Data extracted from a collection ->
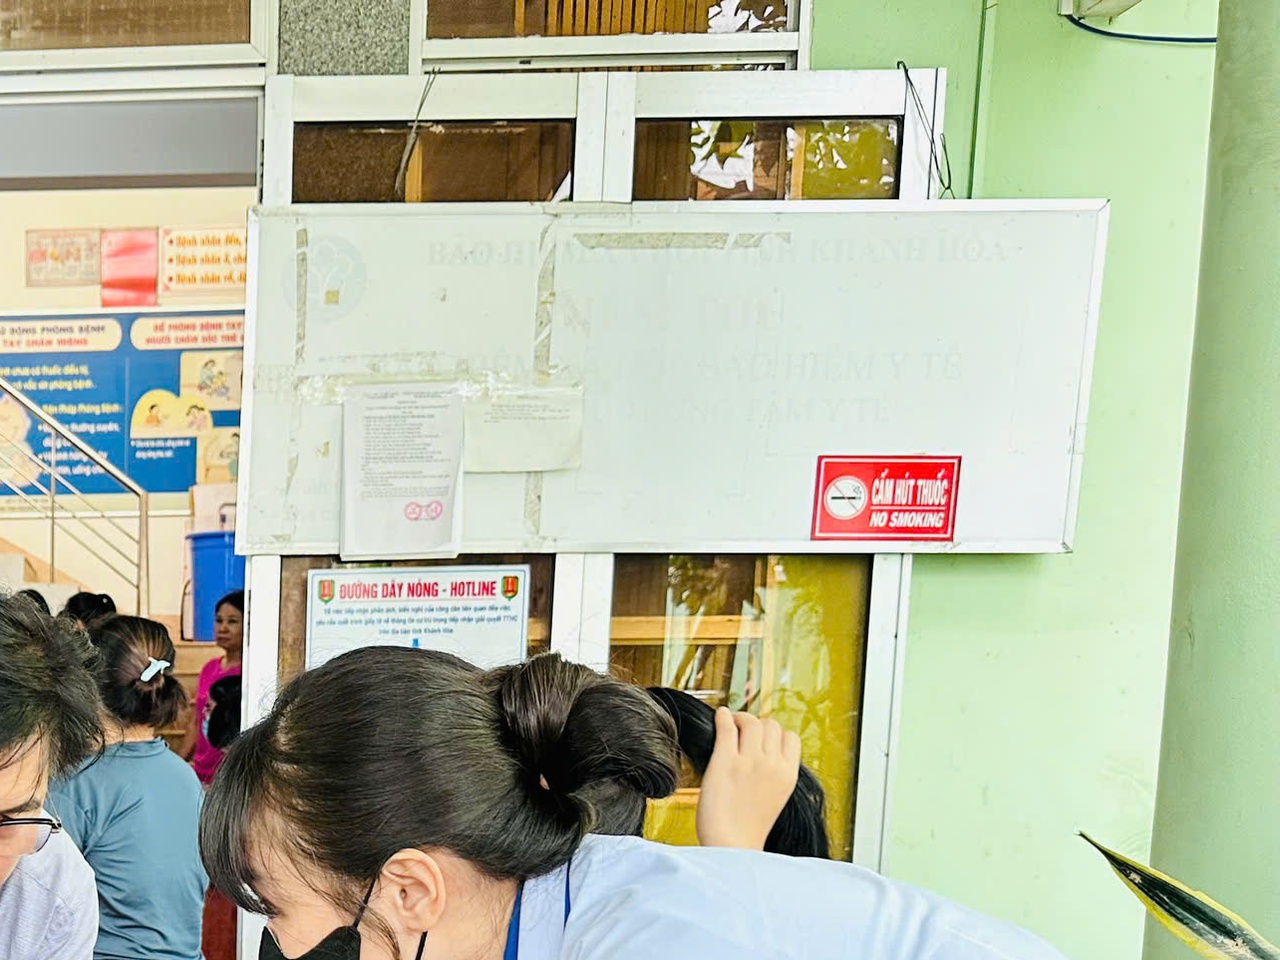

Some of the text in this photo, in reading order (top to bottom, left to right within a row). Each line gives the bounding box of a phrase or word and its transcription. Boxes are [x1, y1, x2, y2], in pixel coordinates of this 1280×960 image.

[872, 469, 948, 506] CẤM HÚT THUỐC
[869, 511, 945, 528] NO SMOKING
[339, 579, 378, 600] ĐƯỜNG
[381, 578, 403, 599] DÂY
[407, 577, 439, 598] NÓNG
[450, 580, 497, 598] HOTLINE
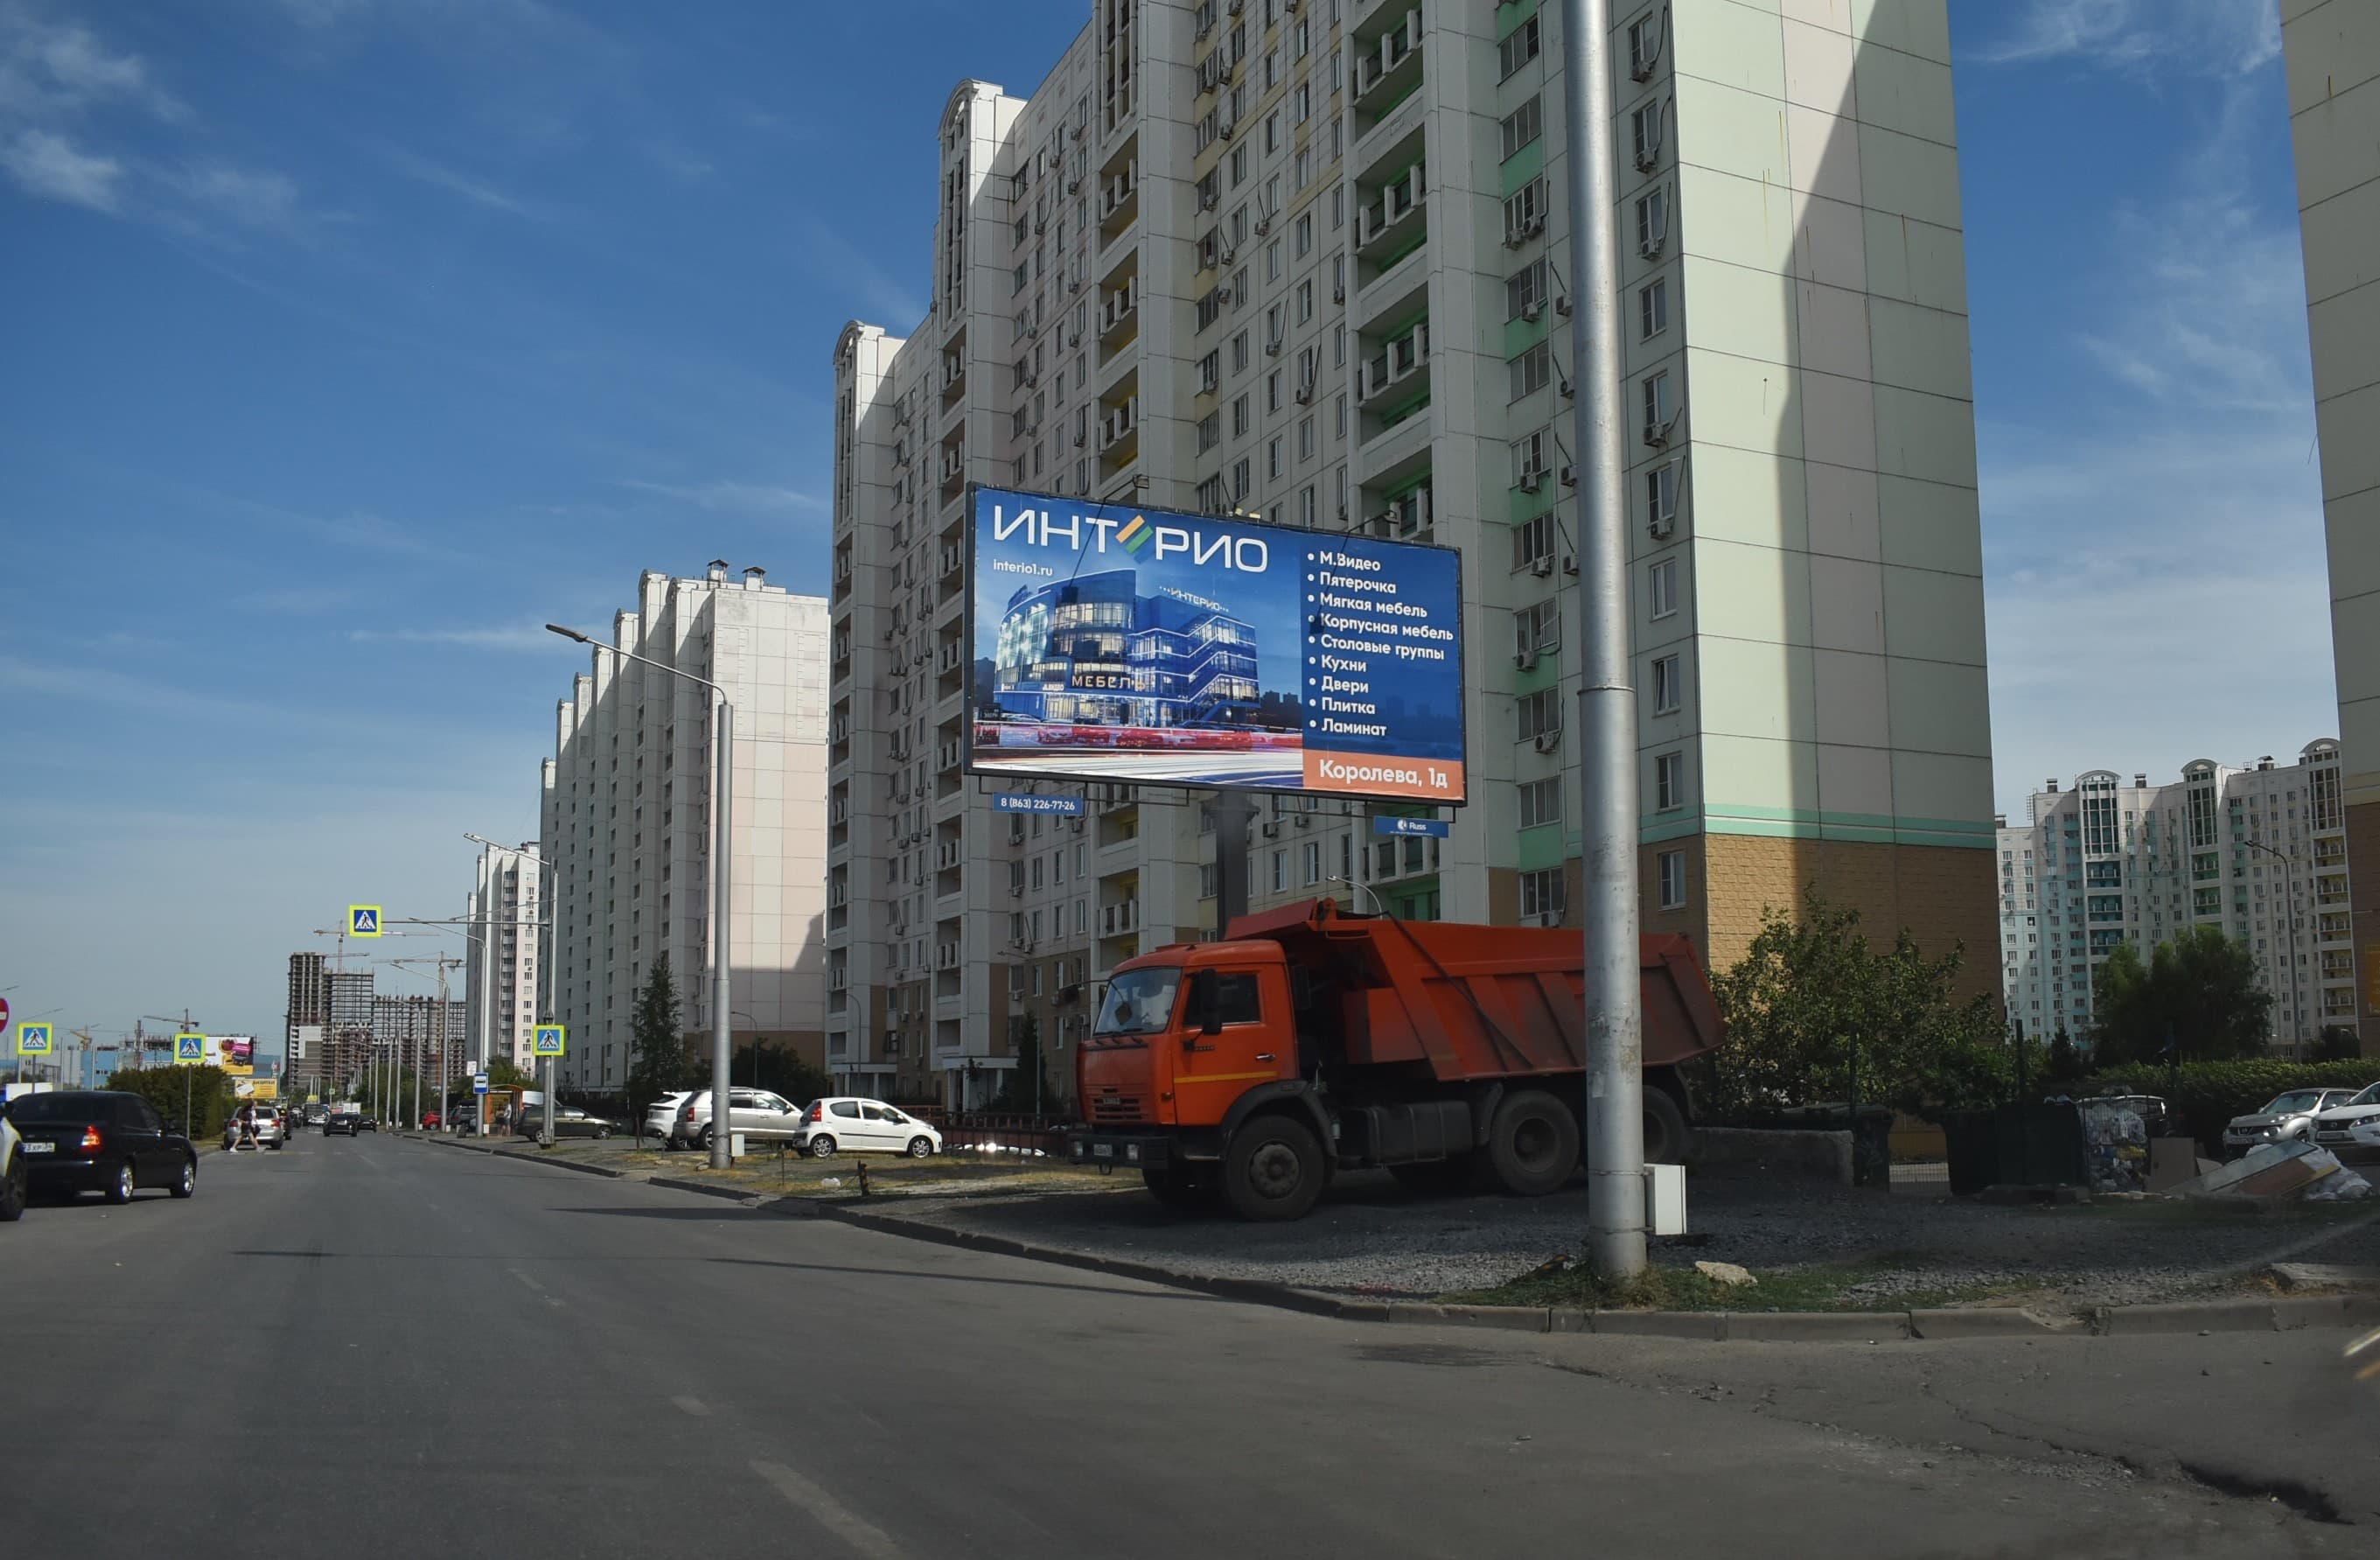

What is expected -> The result should be the full set of entries above, restated exactly and without images.

Written reply ->
Some of the text in this photo, in reading order (top to bottom, left to right within a row). Each line gives the bounding box of a phrase or word and its transcription. Boxes are [x1, y1, x2, y2], in pixel coordinates of this 1280×960 image.

[872, 469, 948, 506] CẤM HÚT THUỐC
[869, 511, 945, 528] NO SMOKING
[339, 579, 378, 600] ĐƯỜNG
[381, 578, 403, 599] DÂY
[407, 577, 439, 598] NÓNG
[450, 580, 497, 598] HOTLINE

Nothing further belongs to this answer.